Flacourtia indica (Burm. f.) Merr. is a medicinal plant indigenous to India and is broadly used worldwide for the treatment of a variety of health ailments. The present study was experimented on hyperlipidemic Charles Foster rats with the aim to explore the possible mechanism responsible for the antidyslipidemic activity of the hydromethanolic extract from F. indica leaves (FIL).Hyperlipidemia was induced by a single intraperitoneal dose of Triton WR-1339 in Charles Foster rats. The plasma lipid levels were estimated in control and treated groups. The antioxidant potential of F. indica was assessed in both enzymatic and non-enzymatic systems.
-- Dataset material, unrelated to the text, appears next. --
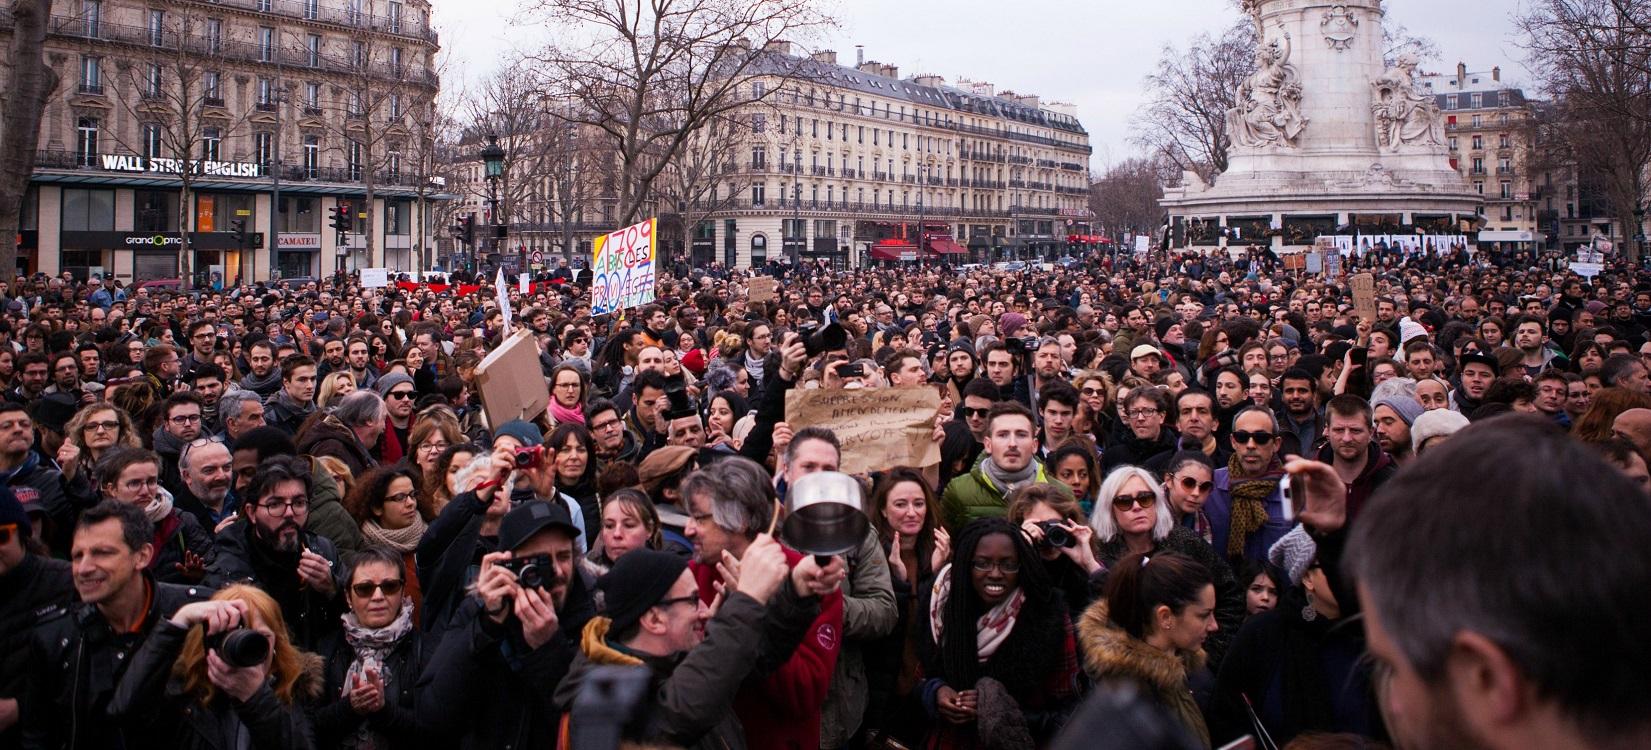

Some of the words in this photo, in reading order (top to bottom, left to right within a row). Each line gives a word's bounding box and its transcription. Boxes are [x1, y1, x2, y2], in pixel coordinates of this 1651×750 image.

An acute toxicity study of high-performance liquid chromatography (HPLC)-fingerprinted extract was carried out in Swiss albino mice.The F. indica extract at a dose of 150 mg/kg significantly lowers the plasma level of total cholesterol (17%), triglycerides (13%), and phospholipids (16%) by increasing post-heparin lipolytic activity (19%) and lecithin-cholesterol-acyltransferase activity (20%) in Triton-induced hyperlipidemic rats. In addition, the F. indica extract showed significant in vitro antioxidant and anti-adipogenic activity. HPLC analysis indicates the presence of flavanones and flavones in the extract, and the extract was found to be non-toxic up to a dose of 2000 mg/kg body weight in the acute oral toxicity study.These finding suggest that F. indica holds significant potential in preventing clinical deterioration induced by dyslipidemia along with oxidative stress.